In 2021, we sustained our proactive and reactive fundraising and resource mobilization efforts to raise funding for development initiatives. Eleven proposals and concepts were submitted for funding during the year, and 6,231,838 Euros secured through the successful bids. Our new projects include the World Bank-funded Ethiopian Dairy Farmers’ Bounty project in Ethiopia, Shell Foundation-funded Wezesha Wakulima – Promoting Bananas Enterprise in Tanzania, the Louis Dreyfus Foundation-funded Creating Shared Value in the Maize Value Chain in Kenya, and the Southern African Development Community (SADC)-funded Promoting a Competitive, Inclusive and Sustainable Leather Sector in Tanzania and Zimbabwe. In our quest to establish and sustain our partnership with donors and strategic partners, we deepened our engagement with the Dutch Embassies in Ethiopia, Kenya, Tanzania and Uganda, European Union, Comic Relief, Danida Market Development Partnerships (DMDP), Louis Dreyfus Foundation, and Syngenta among others. Outreaches and engagements with government agencies, and development partners such as the World Bank and International Fund for Agricultural Development (IFAD), among others were also prioritized. 

Through our new green ​​DMDP funding, we secured a new partnership with Twisted Leaf, a company that produces sustainable beverages brewed from coffee leaves.
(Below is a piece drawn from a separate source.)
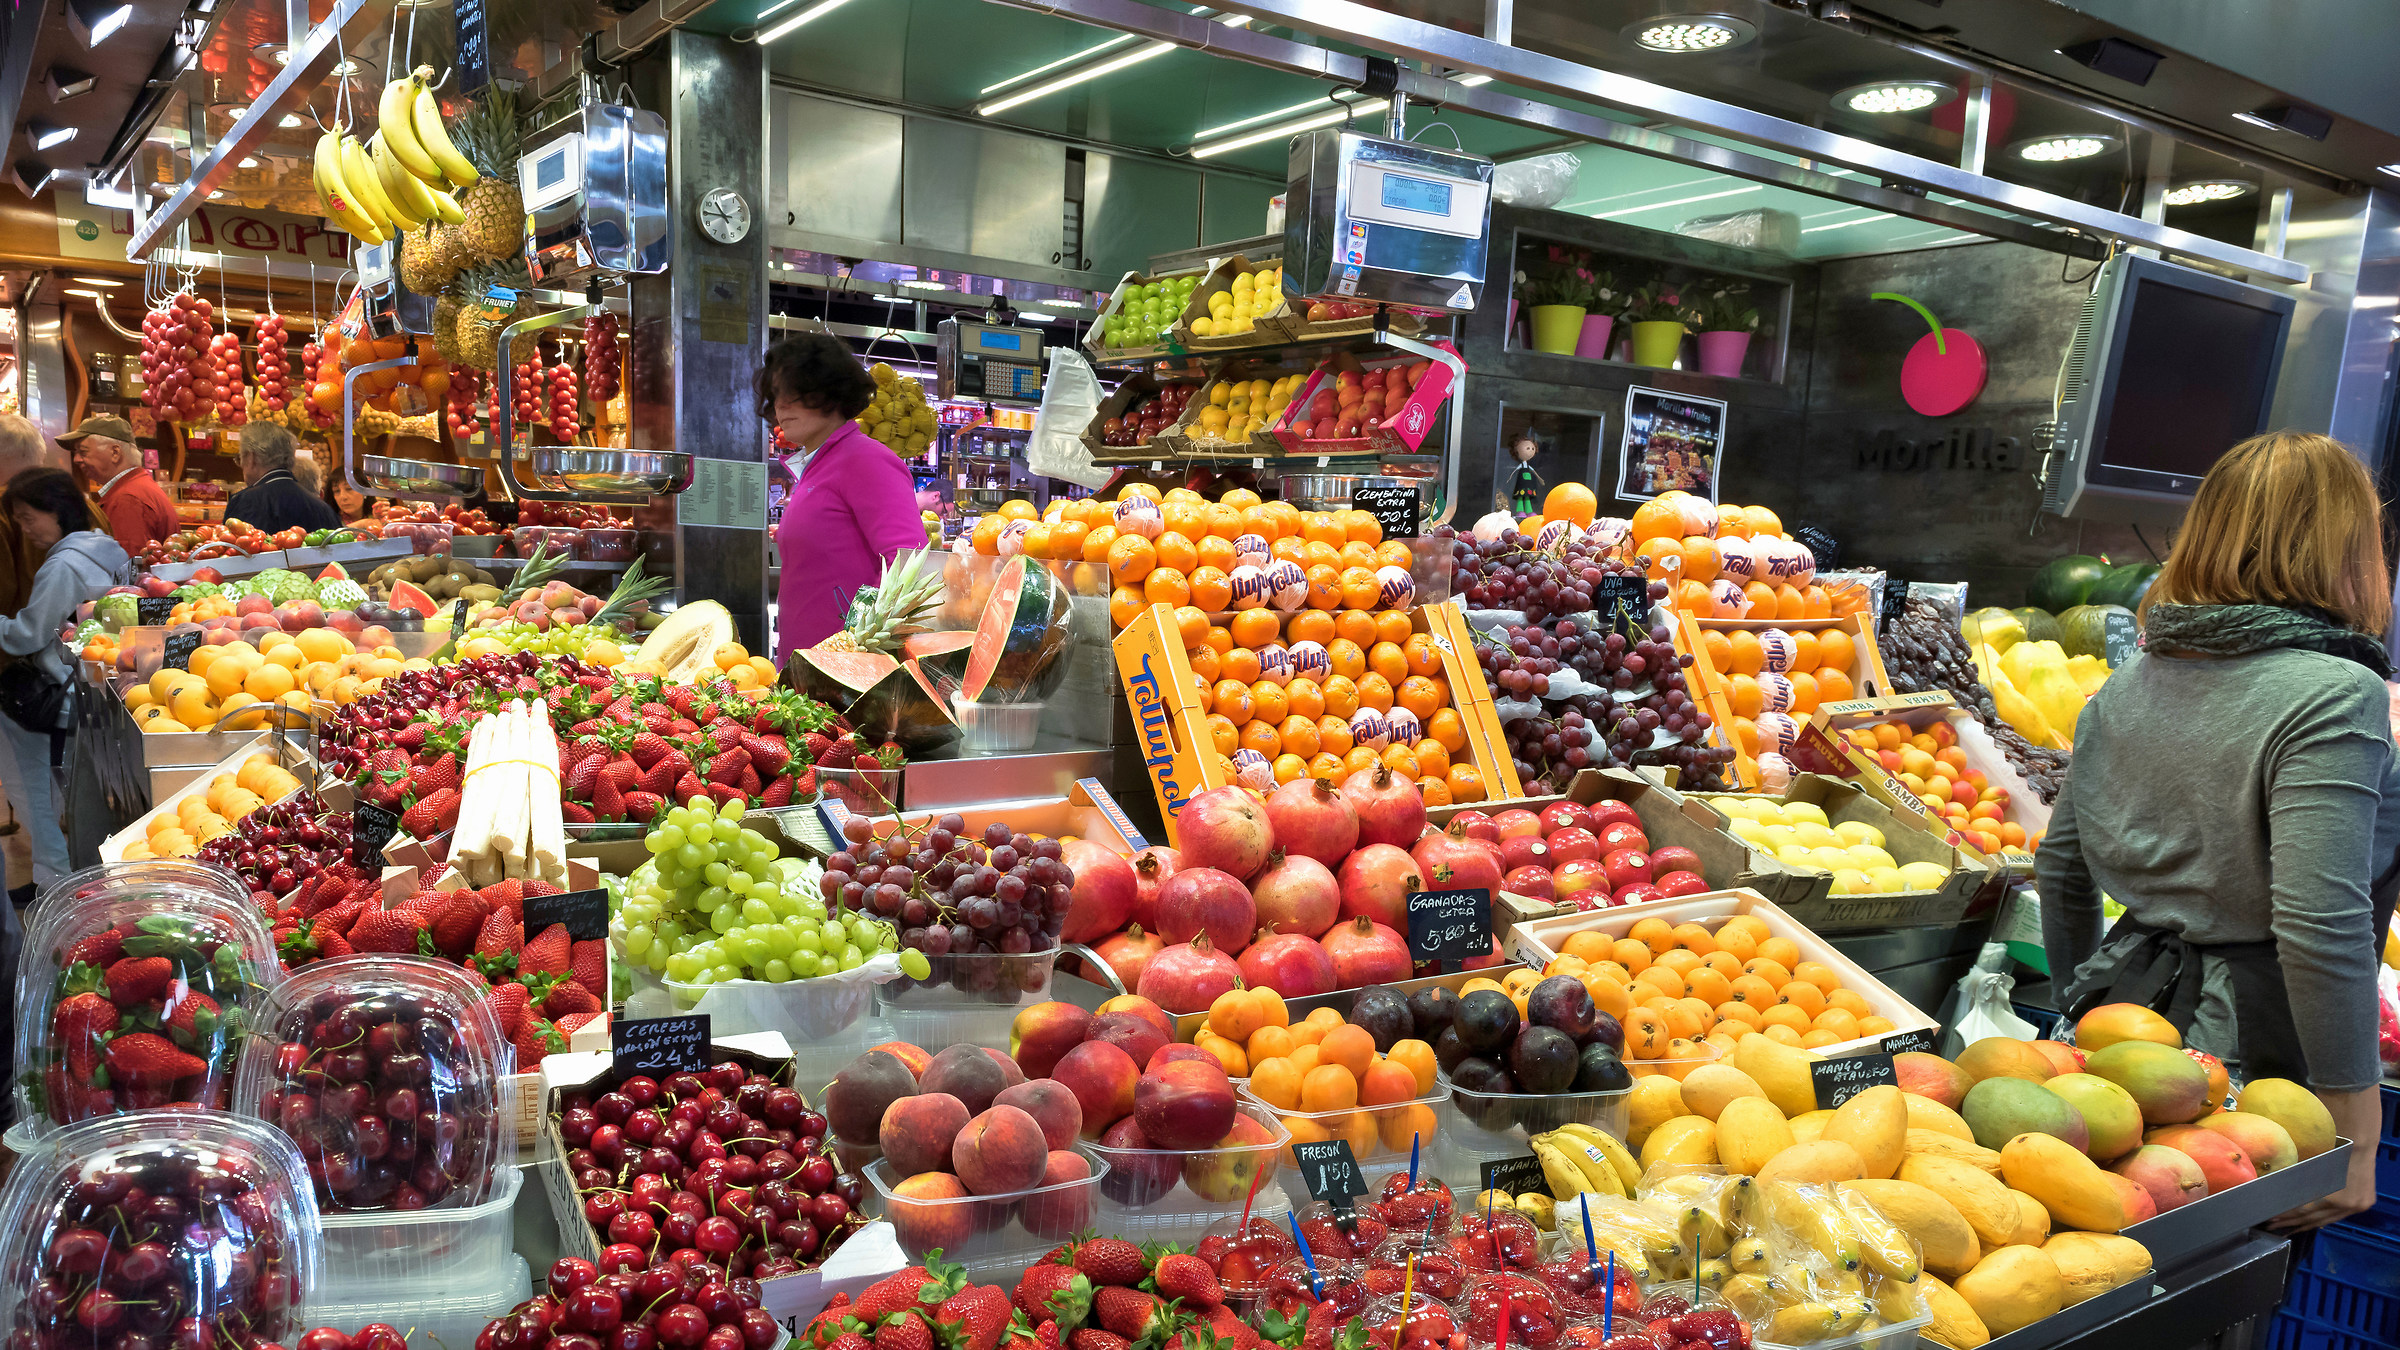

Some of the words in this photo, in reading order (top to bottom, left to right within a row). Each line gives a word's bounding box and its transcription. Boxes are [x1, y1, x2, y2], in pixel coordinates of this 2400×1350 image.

We also partnered with Rabobank to pilot a carbon farming project in Uganda. The ACORN Platform is an agroforestry program that unlocks the international voluntary carbon market for smallholder farmers. We are also an active member of the UN Global Compact – Kenya chapter to better align our efforts with the global framework, and contribute to sustainable business practices.

To ensure seamless Planning, Monitoring Evaluation & Learning (PMEL), foster accountability, and learning, we continued to develop and implement project aligned PMEL plans and project dashboards for projects across the region. In Kenya, Uganda and Ethiopia, our RECLAIM Sustainability! Programme finalized five baseline evaluations for coffee, gold, tea, cotton & textiles, and food products. Baseline surveys were also finalized for three new projects: Leather Initiative for Sustainable Employment Creation (LISEC) project in Ethiopia, Creating Shared Value in the Maize Value Chain Project in Kenya, and the Horticulture for Growth (H4G) project in Kenya.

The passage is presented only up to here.